Organisations faîtières internationales

La Confédération Internationale des Sociétés d'Auteurs et Compositeurs (CISAC) a été fondée à Paris en 1926 en tant qu'organisation faîtière des sociétés de gestion collective. Aujourd'hui, il comprend 161 organisations membres dans 87 pays, représentant plus d'un million de créateurs avec plus de 100 millions d' œuvres dans les domaines de la musique , de la littérature , du cinéma et des arts visuels . En 2003, les sociétés membres de la CISAC ont perçu environ 6,2 milliards d'euros de redevances et redevances.

Les sociétés de gestion collective se sont regroupées pour former des associations européennes et internationales afin d'exercer les droits d'auteur étrangers. L'organisation faîtière de tous les VG est la CISAC susmentionnée. Dans le domaine de la musique, le Bureau International des Sociétés gérant les Droits d'Enregistrement et de Reproduction Mécanique (BIEM) représente les intérêts des auteurs en droit mécanique.
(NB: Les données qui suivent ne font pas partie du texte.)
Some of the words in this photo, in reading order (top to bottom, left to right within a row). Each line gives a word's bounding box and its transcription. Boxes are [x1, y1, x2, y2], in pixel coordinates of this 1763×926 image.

Le BIEM négocie un accord-cadre avec l'association internationale de l'industrie du disque IFPI , selon lequel 9,009 % du prix de vente du revendeur doivent être payés sous forme d'honoraires.
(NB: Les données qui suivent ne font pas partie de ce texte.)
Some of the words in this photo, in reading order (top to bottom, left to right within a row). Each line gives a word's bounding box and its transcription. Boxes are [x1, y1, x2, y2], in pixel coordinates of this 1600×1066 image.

Les autres organisations faîtières sont le GESAC ( Groupement Européen des Sociétés d'Auteurs et Compositeurs ) et EVA ( European Visual Artists ).
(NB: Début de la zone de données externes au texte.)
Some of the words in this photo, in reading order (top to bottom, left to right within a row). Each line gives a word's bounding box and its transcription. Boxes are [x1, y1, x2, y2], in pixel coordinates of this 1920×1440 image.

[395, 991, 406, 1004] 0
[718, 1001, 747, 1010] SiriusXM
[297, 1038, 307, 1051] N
Avec l'augmentation du commerce international de la propriété intellectuelle, il est de plus en plus nécessaire de disposer d'une chambre centrale d' échange de droits . Un tel centre d'échange contiendrait des informations sur autant d'œuvres et de services que possible dans une énorme base de données, sur les droits existants sur ceux-ci, sur les titulaires de droits et les conditions dans lesquelles ils sont prêts à les concéder sous licence. La chambre de compensation pourrait conclure un accord de licence directement avec le producteur en son nom ou transmettre la demande au titulaire des droits. Une première étape a été franchie en 1995 en coopération avec le GEMA, les sociétés françaises de gestion collective des droits d'auteur et des droits mécaniques SDRM / SACEM et le britannique MCPSa fondé le Bureau for European Licensing , qui apparaît sur les supports sonores sous le petit logo bel/BIEM . Le Système Commun d'Information de la CISAC , en cours de mise en place, représente une approche plus globale .

Littérature

  • Arne Christian Heindorf : Contrôle étatique des sociétés de gestion collective : structures de base, spécificités, comparaison avec d'autres formes de contrôle du droit administratif commercial. Études sur la protection de la propriété industrielle et du droit d'auteur, Volume 74, Kovač, Hambourg 2011, ISBN 978-3-8300-5353-8 . (aussi : Göttingen, Univ., Diss., 2010)
  • Volker Grassmuck : Logiciel gratuit. Entre propriété privée et commune. Agence fédérale pour l'éducation civique, Bonn 2002, ISBN 3-89331-432-6 . (en ligne) (PDF; 1,5 Mo)
  • Thomas Gergen : La société de gestion collective VG WORT : Genèse et nouveaux défis In : Journal on European History of Law. Tome 1, n° 2, STS Science Centre, Londres, ( ISSN  2042-6402 ), p. 14-19.

liens web

Commons : Collecting Societies  - Collection d'images, de vidéos et de fichiers audio

les détails

  1. R. Kreile, J. Becker, K. Riesenhuber : Droit et pratique de la GEMA . Gruyter, 1997a, page 638.
  2. Liste des sociétés de gestion collective agréées par l'Office allemand des brevets et des marques (DPMA) en Allemagne (en octobre 2017)
  3. nmz(PM) : société de gestion collective GWVR fondée pour exercer les droits d'organisateur . Nouveau journal musical . Consulté le 18 septembre 2014.
  4. IFPI Austria - Association de l'industrie autrichienne de la musique. Consulté le 11 avril 2019 (allemand).